According to the U.S. government's Energy Information Administration, natural gas in storage is about 5% lower than this time last year but still more than 6% above the 5-year average.
FirstEnergy commodities analyst Martin King said the falling futures curve means producers won't be able to lock in higher prices that would protect cash flows, in turn allowing them to drill through another weak winter.
King said he expects the market will eventually turn but isn't sure when.
"I think ultimately what the market is looking for here is some sort of consistent, sustained breakdown in the U.S. gas drilling rig count and then at some point it will hit supply," he said in an interview.Falling futures heading into the peak demand season is a sign that speculators have given up on a winter rally, said Duncan Robertson, a partner with Calgary-based consultants SBM Inc.
Capitulation of capital markets—along with futures prices—is a necessary requirement for producers to stop drilling and allow excess inventories to come down, he said.

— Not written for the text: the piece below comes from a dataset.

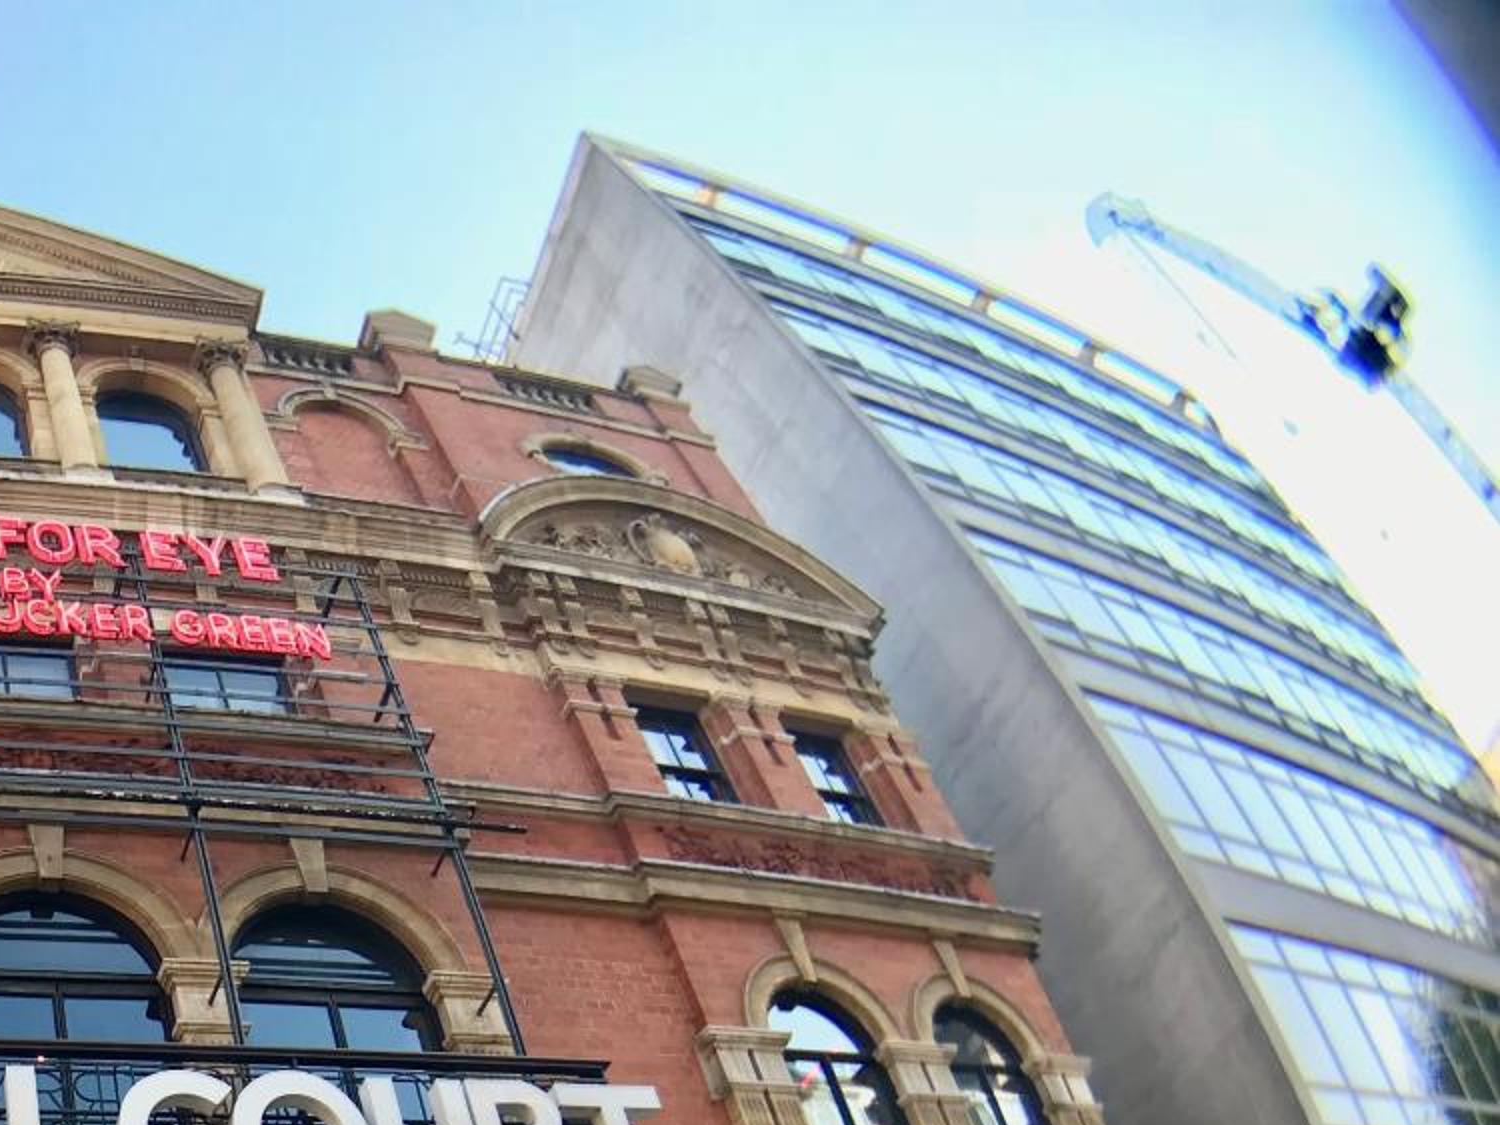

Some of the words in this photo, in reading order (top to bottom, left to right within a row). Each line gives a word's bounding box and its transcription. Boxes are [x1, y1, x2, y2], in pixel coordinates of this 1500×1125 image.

In that sense, the upcoming winter season could be the "dark before the dawn" that ushers in the next up cycle.
- Despite what it sees as another bleak winter for gas markets, SBM is describing itself as "bullish" on gas at a presentation in Calgary today.
- "You have to see that capitulation and now we're starting to see the early signs that the sentiment is changing," Robertson said.
- "When everybody turns bearish, that's when we tend to get bullish. We're early in the process, but it's still a long way to go."